▶ _Records excerpted from a collection_
++++++++++++++++++++

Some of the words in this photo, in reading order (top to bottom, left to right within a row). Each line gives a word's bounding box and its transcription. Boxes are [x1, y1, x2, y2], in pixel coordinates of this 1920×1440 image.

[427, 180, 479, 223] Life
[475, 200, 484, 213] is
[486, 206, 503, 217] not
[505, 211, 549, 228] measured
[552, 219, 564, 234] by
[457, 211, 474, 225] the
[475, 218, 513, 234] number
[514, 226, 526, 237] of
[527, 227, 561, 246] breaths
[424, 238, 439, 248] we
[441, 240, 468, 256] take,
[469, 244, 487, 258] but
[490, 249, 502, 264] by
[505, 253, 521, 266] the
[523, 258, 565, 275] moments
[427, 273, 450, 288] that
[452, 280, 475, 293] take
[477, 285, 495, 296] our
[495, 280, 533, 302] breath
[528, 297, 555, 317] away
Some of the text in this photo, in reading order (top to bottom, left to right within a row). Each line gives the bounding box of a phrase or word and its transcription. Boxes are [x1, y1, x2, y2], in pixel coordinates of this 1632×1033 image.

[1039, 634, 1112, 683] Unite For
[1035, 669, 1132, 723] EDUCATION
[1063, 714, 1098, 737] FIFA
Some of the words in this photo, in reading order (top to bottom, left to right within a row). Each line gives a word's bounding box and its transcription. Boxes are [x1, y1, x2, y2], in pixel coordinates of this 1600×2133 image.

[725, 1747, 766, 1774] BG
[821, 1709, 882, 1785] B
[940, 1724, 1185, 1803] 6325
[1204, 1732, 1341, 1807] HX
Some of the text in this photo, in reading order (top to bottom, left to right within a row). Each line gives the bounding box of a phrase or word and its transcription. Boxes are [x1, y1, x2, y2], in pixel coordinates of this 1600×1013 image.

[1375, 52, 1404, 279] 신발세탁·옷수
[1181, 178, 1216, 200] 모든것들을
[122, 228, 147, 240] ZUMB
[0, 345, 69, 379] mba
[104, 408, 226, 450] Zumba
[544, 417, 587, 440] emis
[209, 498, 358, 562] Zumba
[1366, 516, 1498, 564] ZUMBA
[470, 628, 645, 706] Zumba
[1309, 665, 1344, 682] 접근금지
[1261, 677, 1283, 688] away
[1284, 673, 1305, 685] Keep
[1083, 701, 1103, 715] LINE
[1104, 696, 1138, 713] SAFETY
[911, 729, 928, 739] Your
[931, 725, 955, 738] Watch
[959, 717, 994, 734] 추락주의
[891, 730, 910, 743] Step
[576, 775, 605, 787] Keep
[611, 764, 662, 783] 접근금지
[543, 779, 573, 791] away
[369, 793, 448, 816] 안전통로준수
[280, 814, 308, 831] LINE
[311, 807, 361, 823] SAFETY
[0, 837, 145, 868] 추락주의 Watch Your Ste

++++++++++++++++++++

▶ _WHAT NEEDS TO BE DONE_
Quote all the records. Keep every word exact.

▶ _TASK RESPONSE_
Some of the words in this photo, in reading order (top to bottom, left to right within a row). Each line gives a word's bounding box and its transcription. Boxes are [x1, y1, x2, y2], in pixel coordinates of this 1920×1440 image.

[427, 180, 479, 223] Life
[475, 200, 484, 213] is
[486, 206, 503, 217] not
[505, 211, 549, 228] measured
[552, 219, 564, 234] by
[457, 211, 474, 225] the
[475, 218, 513, 234] number
[514, 226, 526, 237] of
[527, 227, 561, 246] breaths
[424, 238, 439, 248] we
[441, 240, 468, 256] take,
[469, 244, 487, 258] but
[490, 249, 502, 264] by
[505, 253, 521, 266] the
[523, 258, 565, 275] moments
[427, 273, 450, 288] that
[452, 280, 475, 293] take
[477, 285, 495, 296] our
[495, 280, 533, 302] breath
[528, 297, 555, 317] away
Some of the text in this photo, in reading order (top to bottom, left to right within a row). Each line gives the bounding box of a phrase or word and its transcription. Boxes are [x1, y1, x2, y2], in pixel coordinates of this 1632×1033 image.

[1039, 634, 1112, 683] Unite For
[1035, 669, 1132, 723] EDUCATION
[1063, 714, 1098, 737] FIFA
Some of the words in this photo, in reading order (top to bottom, left to right within a row). Each line gives a word's bounding box and its transcription. Boxes are [x1, y1, x2, y2], in pixel coordinates of this 1600×2133 image.

[725, 1747, 766, 1774] BG
[821, 1709, 882, 1785] B
[940, 1724, 1185, 1803] 6325
[1204, 1732, 1341, 1807] HX
Some of the text in this photo, in reading order (top to bottom, left to right within a row). Each line gives the bounding box of a phrase or word and its transcription. Boxes are [x1, y1, x2, y2], in pixel coordinates of this 1600×1013 image.

[1375, 52, 1404, 279] 신발세탁·옷수
[1181, 178, 1216, 200] 모든것들을
[122, 228, 147, 240] ZUMB
[0, 345, 69, 379] mba
[104, 408, 226, 450] Zumba
[544, 417, 587, 440] emis
[209, 498, 358, 562] Zumba
[1366, 516, 1498, 564] ZUMBA
[470, 628, 645, 706] Zumba
[1309, 665, 1344, 682] 접근금지
[1261, 677, 1283, 688] away
[1284, 673, 1305, 685] Keep
[1083, 701, 1103, 715] LINE
[1104, 696, 1138, 713] SAFETY
[911, 729, 928, 739] Your
[931, 725, 955, 738] Watch
[959, 717, 994, 734] 추락주의
[891, 730, 910, 743] Step
[576, 775, 605, 787] Keep
[611, 764, 662, 783] 접근금지
[543, 779, 573, 791] away
[369, 793, 448, 816] 안전통로준수
[280, 814, 308, 831] LINE
[311, 807, 361, 823] SAFETY
[0, 837, 145, 868] 추락주의 Watch Your Ste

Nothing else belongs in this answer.